Saved entries:
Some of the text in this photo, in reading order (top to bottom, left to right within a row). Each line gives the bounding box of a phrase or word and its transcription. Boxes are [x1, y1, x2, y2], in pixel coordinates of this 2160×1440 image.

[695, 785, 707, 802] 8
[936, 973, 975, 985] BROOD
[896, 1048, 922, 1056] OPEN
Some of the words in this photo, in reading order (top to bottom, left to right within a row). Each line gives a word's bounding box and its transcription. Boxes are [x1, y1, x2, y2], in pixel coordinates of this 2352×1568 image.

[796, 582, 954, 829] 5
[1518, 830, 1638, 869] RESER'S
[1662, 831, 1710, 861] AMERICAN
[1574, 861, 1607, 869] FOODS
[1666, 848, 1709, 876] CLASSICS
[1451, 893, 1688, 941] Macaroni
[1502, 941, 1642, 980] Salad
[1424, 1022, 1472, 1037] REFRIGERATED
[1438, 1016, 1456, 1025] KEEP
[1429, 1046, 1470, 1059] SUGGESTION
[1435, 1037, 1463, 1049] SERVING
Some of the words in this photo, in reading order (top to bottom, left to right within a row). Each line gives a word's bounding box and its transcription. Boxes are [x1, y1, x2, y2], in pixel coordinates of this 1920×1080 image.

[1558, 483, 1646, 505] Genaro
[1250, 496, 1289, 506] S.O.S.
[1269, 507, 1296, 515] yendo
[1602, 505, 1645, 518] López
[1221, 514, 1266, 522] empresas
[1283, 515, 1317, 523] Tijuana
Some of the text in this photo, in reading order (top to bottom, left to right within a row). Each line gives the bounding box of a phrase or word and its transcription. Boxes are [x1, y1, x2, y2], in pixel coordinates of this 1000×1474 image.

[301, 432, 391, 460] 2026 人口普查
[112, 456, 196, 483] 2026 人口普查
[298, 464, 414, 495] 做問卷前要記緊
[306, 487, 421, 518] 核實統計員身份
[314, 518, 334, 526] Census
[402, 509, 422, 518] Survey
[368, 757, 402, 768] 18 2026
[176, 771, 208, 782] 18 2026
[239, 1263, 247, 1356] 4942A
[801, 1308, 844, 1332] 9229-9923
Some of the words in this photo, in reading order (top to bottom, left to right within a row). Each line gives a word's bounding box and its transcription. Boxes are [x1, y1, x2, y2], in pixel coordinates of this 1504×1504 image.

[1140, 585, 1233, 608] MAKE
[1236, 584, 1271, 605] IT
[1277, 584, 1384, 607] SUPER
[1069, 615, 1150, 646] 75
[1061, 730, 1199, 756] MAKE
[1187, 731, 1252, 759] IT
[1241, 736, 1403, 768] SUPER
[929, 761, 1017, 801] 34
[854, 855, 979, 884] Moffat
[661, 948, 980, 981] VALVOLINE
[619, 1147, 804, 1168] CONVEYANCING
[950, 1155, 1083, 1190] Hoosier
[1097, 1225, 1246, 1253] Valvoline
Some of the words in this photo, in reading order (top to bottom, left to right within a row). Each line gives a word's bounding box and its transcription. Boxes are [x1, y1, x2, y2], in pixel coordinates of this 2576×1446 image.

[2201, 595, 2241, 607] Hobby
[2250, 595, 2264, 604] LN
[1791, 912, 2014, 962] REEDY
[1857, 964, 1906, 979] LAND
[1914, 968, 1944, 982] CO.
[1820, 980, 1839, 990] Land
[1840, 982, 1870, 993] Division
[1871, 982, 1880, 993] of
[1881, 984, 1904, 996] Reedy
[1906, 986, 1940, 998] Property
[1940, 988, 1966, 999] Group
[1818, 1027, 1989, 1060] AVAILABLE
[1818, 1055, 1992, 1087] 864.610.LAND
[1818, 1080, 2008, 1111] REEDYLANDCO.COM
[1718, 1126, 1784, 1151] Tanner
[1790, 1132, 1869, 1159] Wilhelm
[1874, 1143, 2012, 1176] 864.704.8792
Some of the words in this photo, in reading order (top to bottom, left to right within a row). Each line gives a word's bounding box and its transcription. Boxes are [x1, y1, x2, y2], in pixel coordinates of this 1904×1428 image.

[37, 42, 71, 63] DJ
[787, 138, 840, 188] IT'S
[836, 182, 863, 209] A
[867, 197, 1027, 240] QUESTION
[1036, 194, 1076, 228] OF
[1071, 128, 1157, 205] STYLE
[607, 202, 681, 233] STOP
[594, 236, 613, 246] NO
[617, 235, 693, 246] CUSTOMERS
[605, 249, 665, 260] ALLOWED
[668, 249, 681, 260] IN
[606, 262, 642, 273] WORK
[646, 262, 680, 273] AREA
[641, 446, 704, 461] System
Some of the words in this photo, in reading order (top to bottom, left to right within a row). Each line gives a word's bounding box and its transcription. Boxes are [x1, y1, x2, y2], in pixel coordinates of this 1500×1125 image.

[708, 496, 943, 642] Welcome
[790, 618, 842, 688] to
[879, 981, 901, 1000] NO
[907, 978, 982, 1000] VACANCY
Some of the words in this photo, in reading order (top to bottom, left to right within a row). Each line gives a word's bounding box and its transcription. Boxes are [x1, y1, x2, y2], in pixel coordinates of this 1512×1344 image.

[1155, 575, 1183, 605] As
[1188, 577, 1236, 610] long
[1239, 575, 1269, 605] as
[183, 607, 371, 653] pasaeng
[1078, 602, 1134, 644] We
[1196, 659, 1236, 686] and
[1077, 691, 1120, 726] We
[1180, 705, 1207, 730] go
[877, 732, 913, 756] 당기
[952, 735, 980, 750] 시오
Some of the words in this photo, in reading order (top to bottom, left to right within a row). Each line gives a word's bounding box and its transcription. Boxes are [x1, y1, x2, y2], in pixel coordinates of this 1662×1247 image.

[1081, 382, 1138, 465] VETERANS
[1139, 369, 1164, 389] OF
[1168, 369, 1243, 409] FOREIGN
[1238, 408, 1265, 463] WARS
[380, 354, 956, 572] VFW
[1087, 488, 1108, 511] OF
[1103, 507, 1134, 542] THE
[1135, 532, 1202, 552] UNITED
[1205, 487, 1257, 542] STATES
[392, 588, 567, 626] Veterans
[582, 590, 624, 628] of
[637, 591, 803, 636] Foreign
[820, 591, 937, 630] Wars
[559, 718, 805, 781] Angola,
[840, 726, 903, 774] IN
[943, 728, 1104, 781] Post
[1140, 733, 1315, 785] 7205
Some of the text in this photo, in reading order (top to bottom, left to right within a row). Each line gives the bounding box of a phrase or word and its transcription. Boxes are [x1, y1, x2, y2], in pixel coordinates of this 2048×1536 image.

Work required: Where the records above contain a line with "this 1662×1247 image.", repeat that line and each later line through the end, exactly, and nothing more.

Final answer:
Some of the words in this photo, in reading order (top to bottom, left to right within a row). Each line gives a word's bounding box and its transcription. Boxes are [x1, y1, x2, y2], in pixel coordinates of this 1662×1247 image.

[1081, 382, 1138, 465] VETERANS
[1139, 369, 1164, 389] OF
[1168, 369, 1243, 409] FOREIGN
[1238, 408, 1265, 463] WARS
[380, 354, 956, 572] VFW
[1087, 488, 1108, 511] OF
[1103, 507, 1134, 542] THE
[1135, 532, 1202, 552] UNITED
[1205, 487, 1257, 542] STATES
[392, 588, 567, 626] Veterans
[582, 590, 624, 628] of
[637, 591, 803, 636] Foreign
[820, 591, 937, 630] Wars
[559, 718, 805, 781] Angola,
[840, 726, 903, 774] IN
[943, 728, 1104, 781] Post
[1140, 733, 1315, 785] 7205
Some of the text in this photo, in reading order (top to bottom, left to right within a row). Each line gives the bounding box of a phrase or word and its transcription. Boxes are [x1, y1, x2, y2], in pixel coordinates of this 2048×1536 image.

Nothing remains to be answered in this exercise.